### Directions for this task
Your answer must be an exact copy of the lines from the one holding "this 1659×2212 image." through the last line of the entries below, with nothing added.

### Material provided
_ _ _ _ _
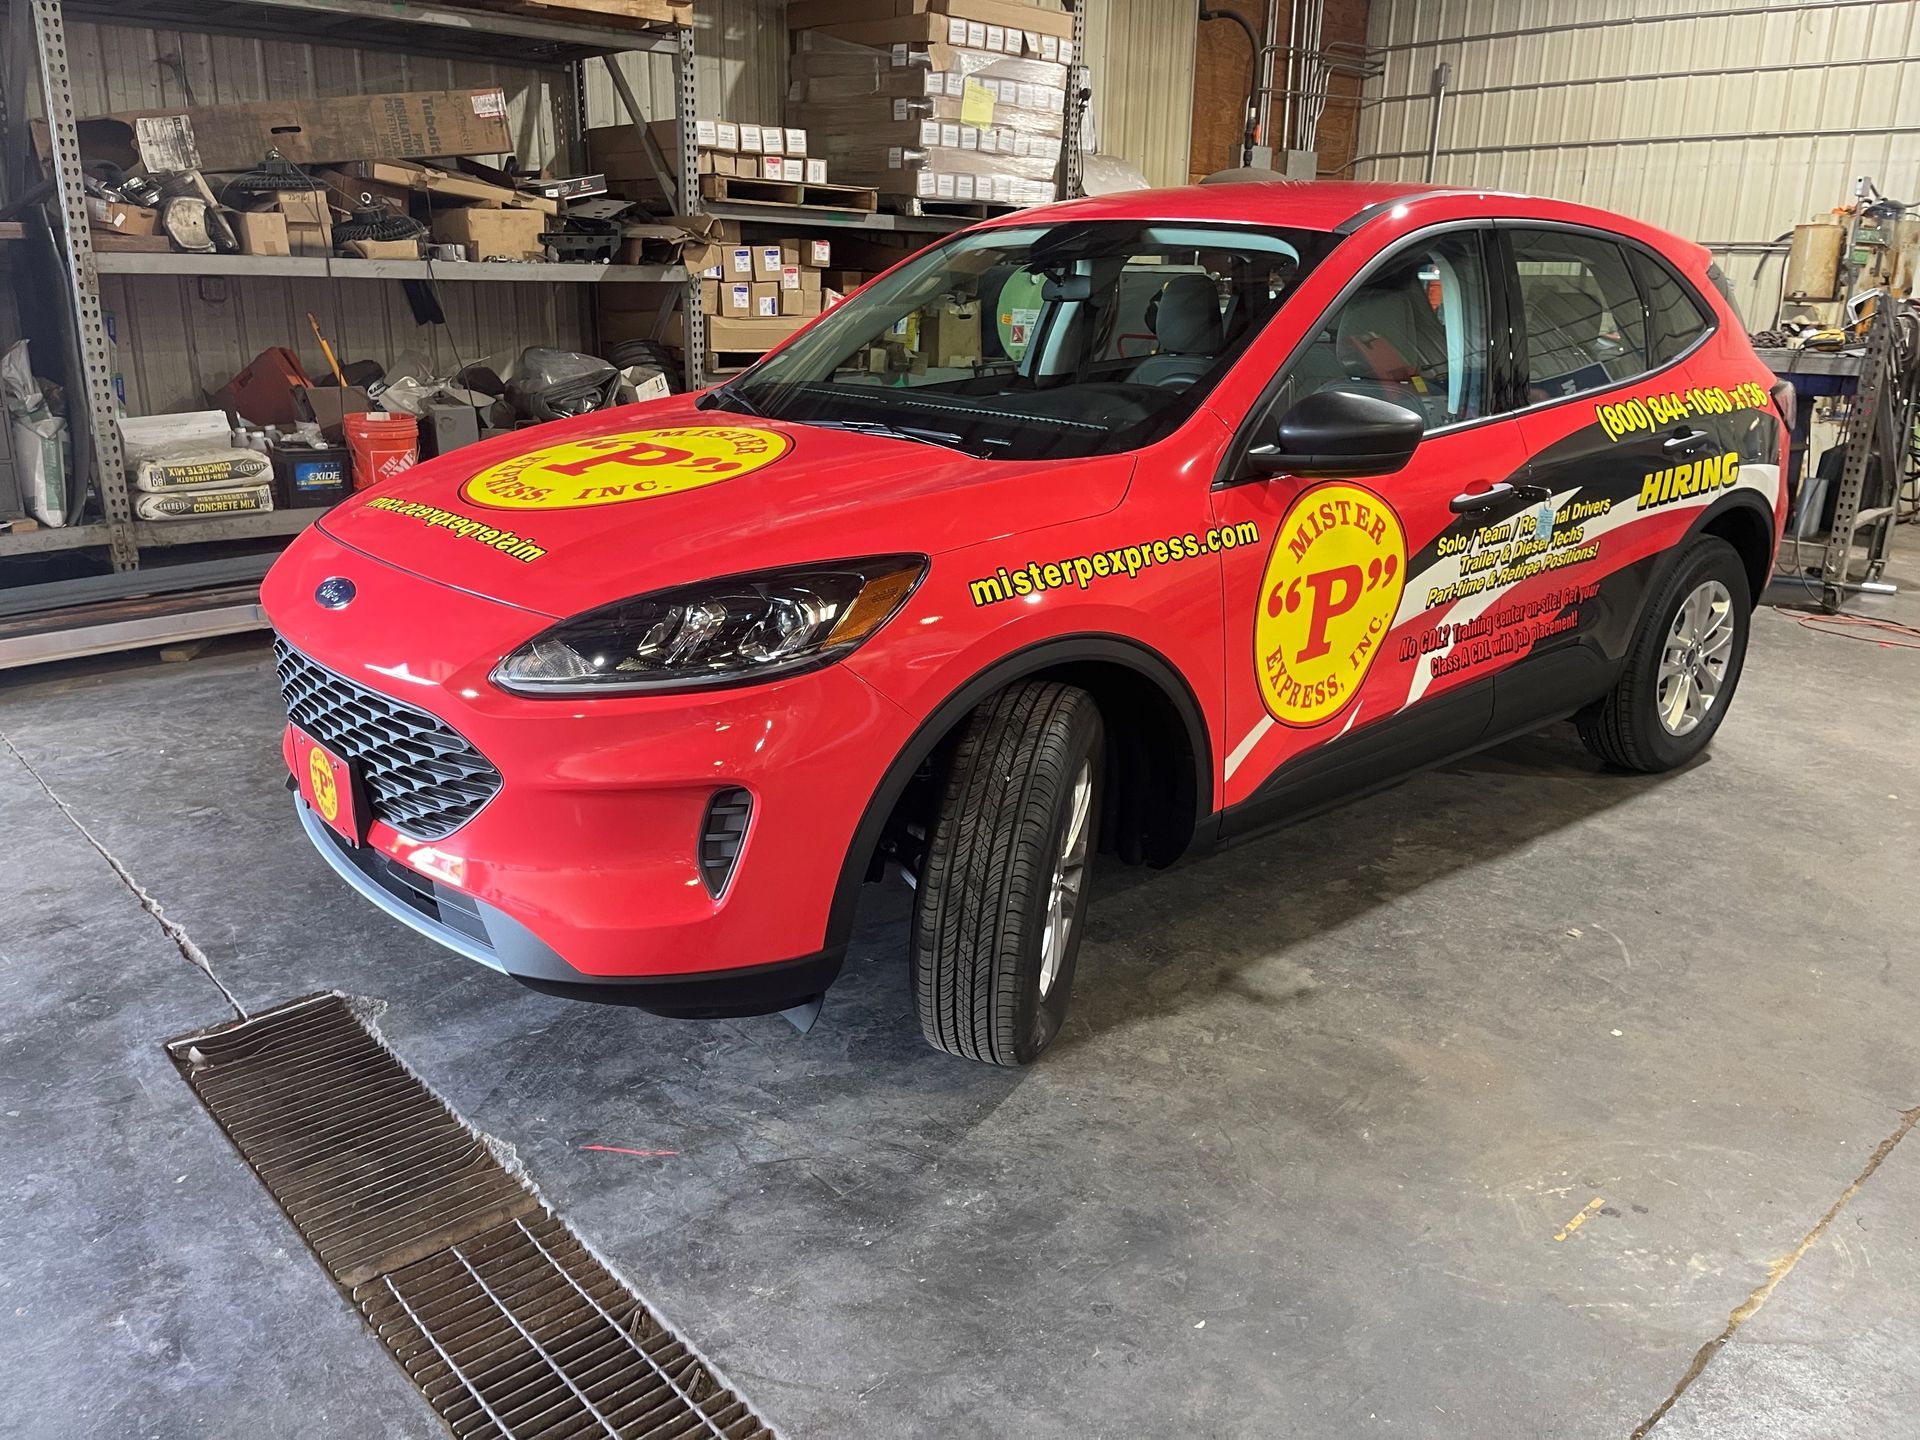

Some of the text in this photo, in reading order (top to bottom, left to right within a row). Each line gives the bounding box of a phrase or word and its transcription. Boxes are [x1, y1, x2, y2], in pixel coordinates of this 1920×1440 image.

[394, 97, 414, 156] INSULATION
[412, 133, 425, 155] PIPE
[421, 96, 442, 154] Tubolit
[651, 428, 769, 455] MISTER
[1594, 382, 1768, 443] (800) 844-1060 x136
[152, 478, 164, 487] 80
[168, 466, 186, 477] MIX
[187, 462, 232, 475] CONCRETE
[308, 471, 340, 481] EXIDE
[378, 455, 399, 476] THE
[485, 456, 556, 503] EXPRESS,
[573, 480, 672, 500] INC.
[1637, 452, 1740, 511] HIRING
[193, 499, 256, 513] CONCRETE MIX
[1288, 500, 1387, 564] MISTER
[1437, 535, 1467, 557] Solo
[1477, 524, 1511, 547] Team
[1511, 516, 1521, 540] /
[1572, 498, 1612, 521] Drivers
[969, 520, 1260, 606] misterpexpress.com
[1426, 542, 1600, 609] Part-time & Retiree Positions!
[1459, 551, 1500, 576] Trailer
[1500, 544, 1511, 563] &
[1551, 527, 1584, 551] Techs
[1349, 612, 1389, 671] INC.
[1400, 584, 1601, 661] No CDL? Training center on-site! Get your
[1430, 609, 1579, 679] Class A CDL with job placement!
[1266, 645, 1345, 709] EXPRESS,
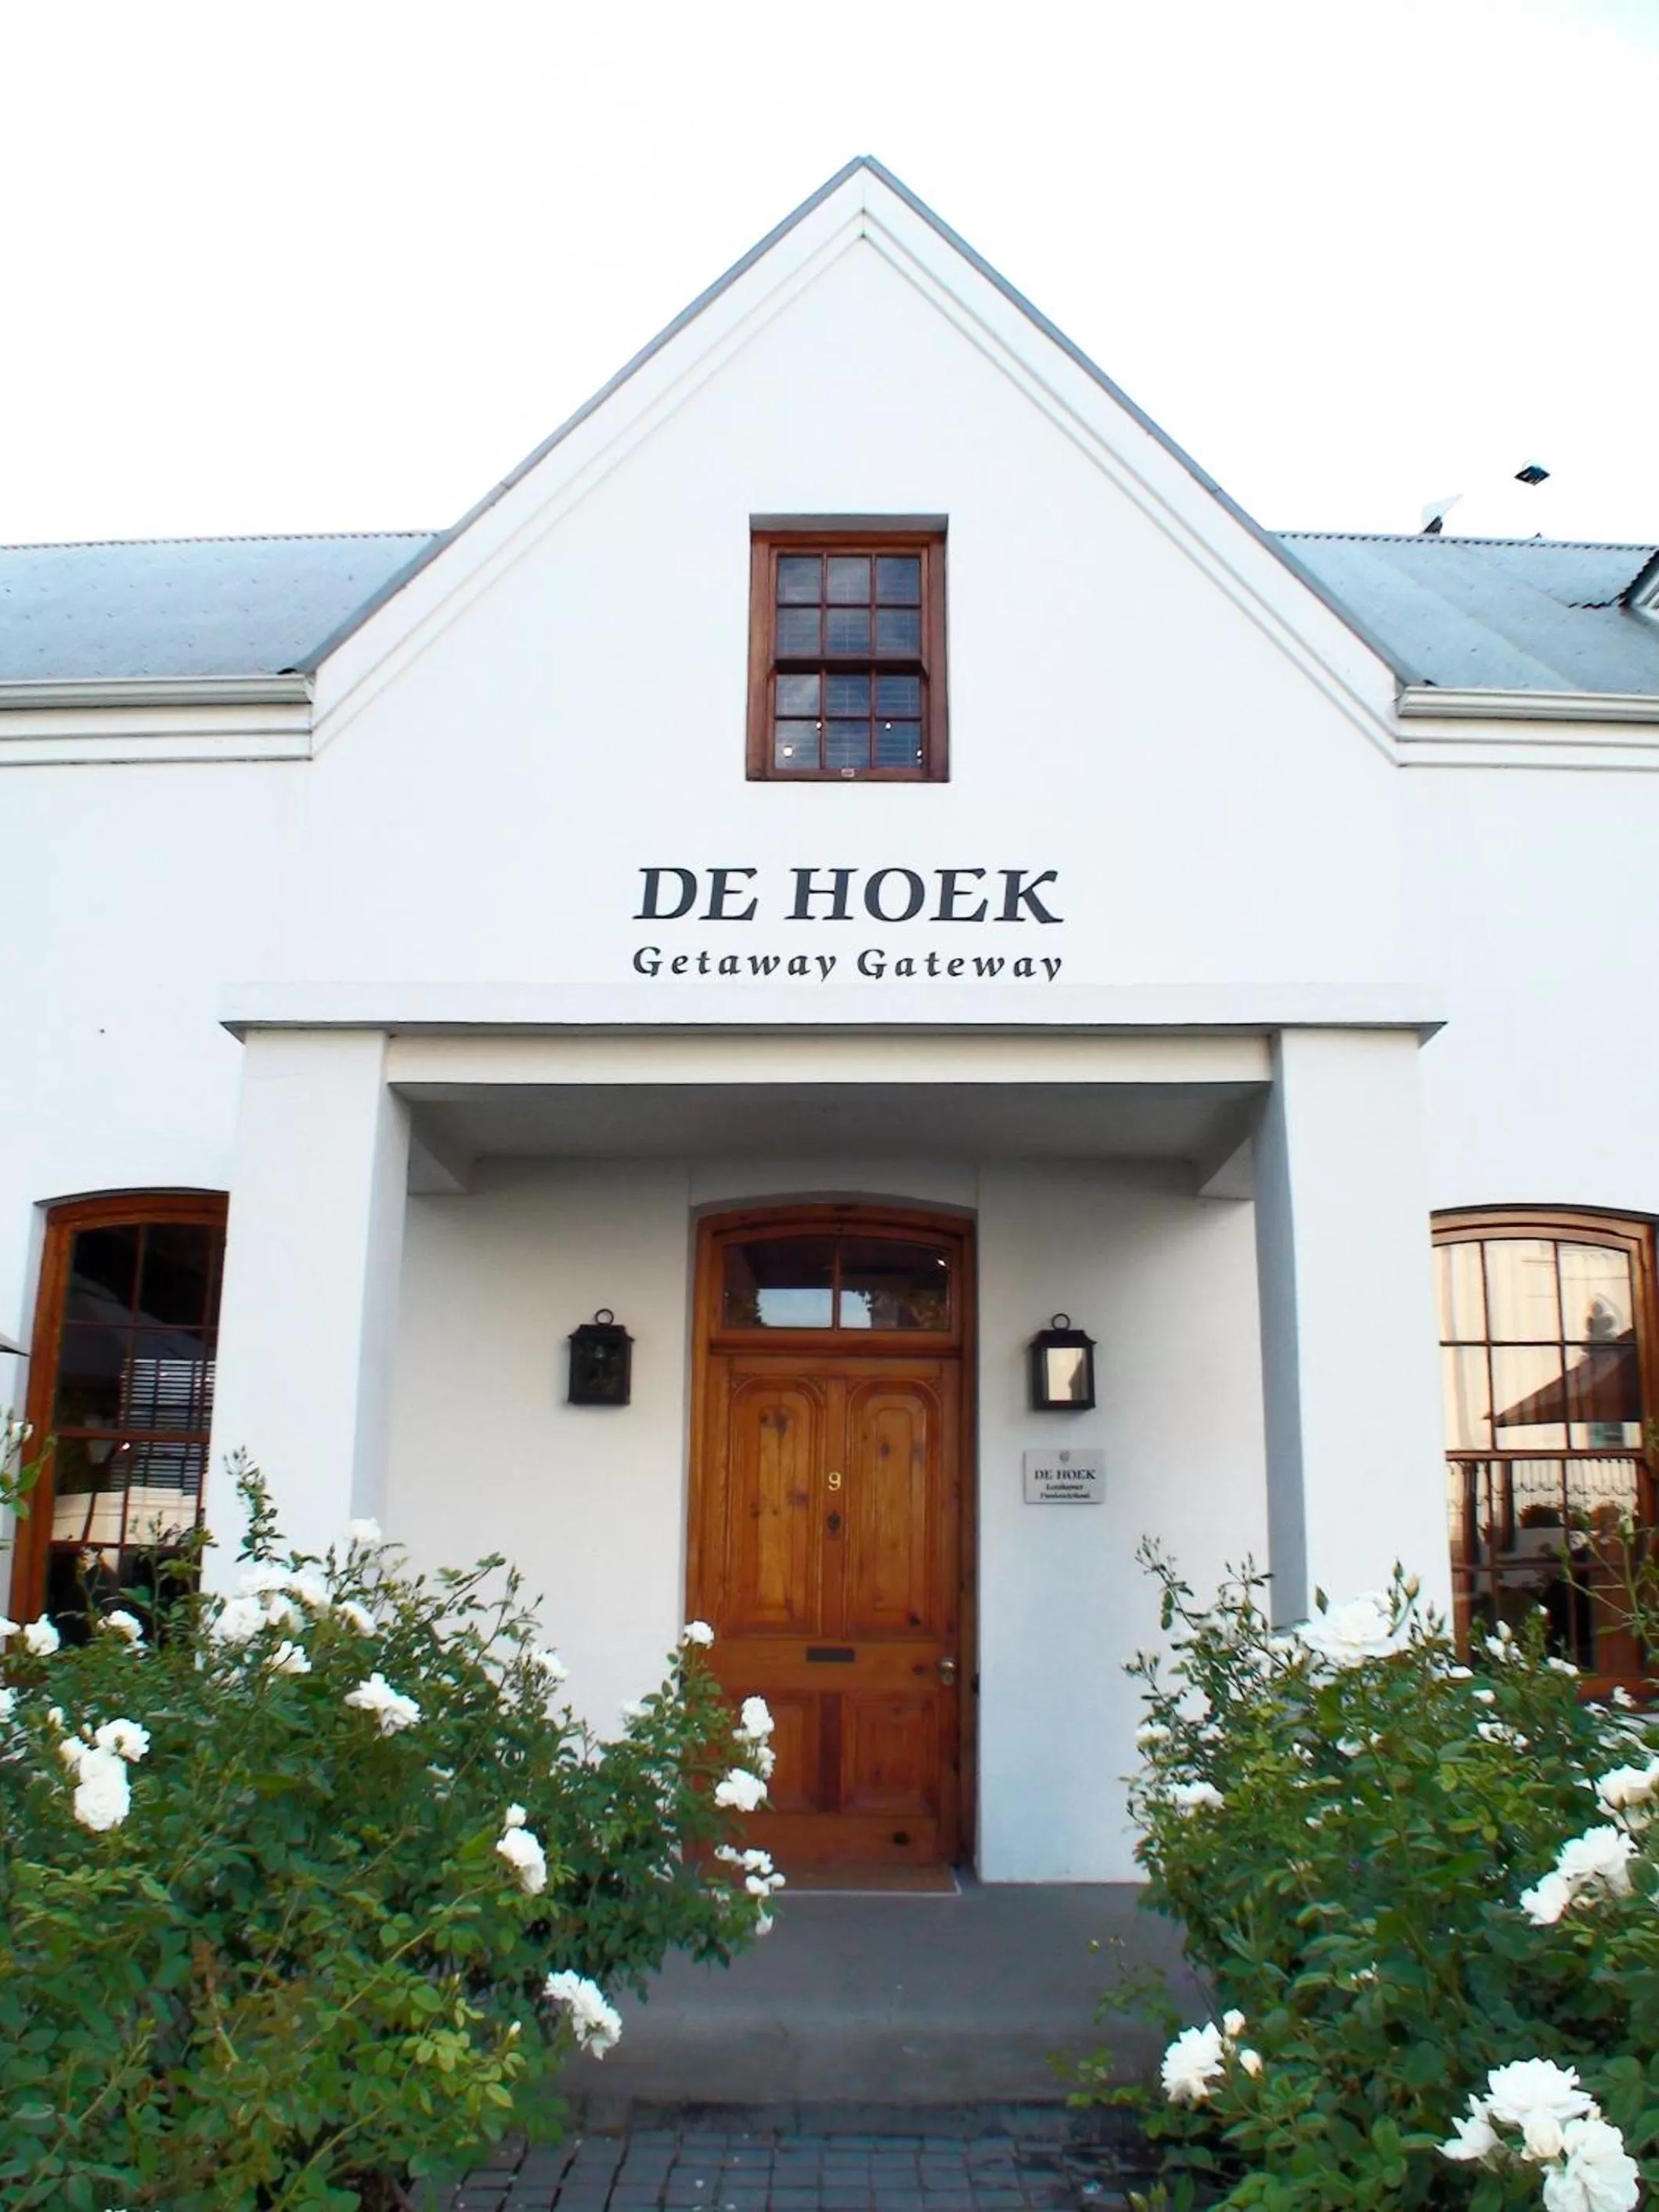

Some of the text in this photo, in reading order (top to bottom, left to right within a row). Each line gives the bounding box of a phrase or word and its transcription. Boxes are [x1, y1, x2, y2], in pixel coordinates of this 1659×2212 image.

[632, 868, 1064, 924] DE HOEK
[633, 946, 1062, 982] Getaway Gateway
[828, 1472, 841, 1491] 9
[1034, 1469, 1096, 1480] DE HOEK
_ _ _ _ _
### Result below
Some of the text in this photo, in reading order (top to bottom, left to right within a row). Each line gives the bounding box of a phrase or word and its transcription. Boxes are [x1, y1, x2, y2], in pixel coordinates of this 1659×2212 image.

[632, 868, 1064, 924] DE HOEK
[633, 946, 1062, 982] Getaway Gateway
[828, 1472, 841, 1491] 9
[1034, 1469, 1096, 1480] DE HOEK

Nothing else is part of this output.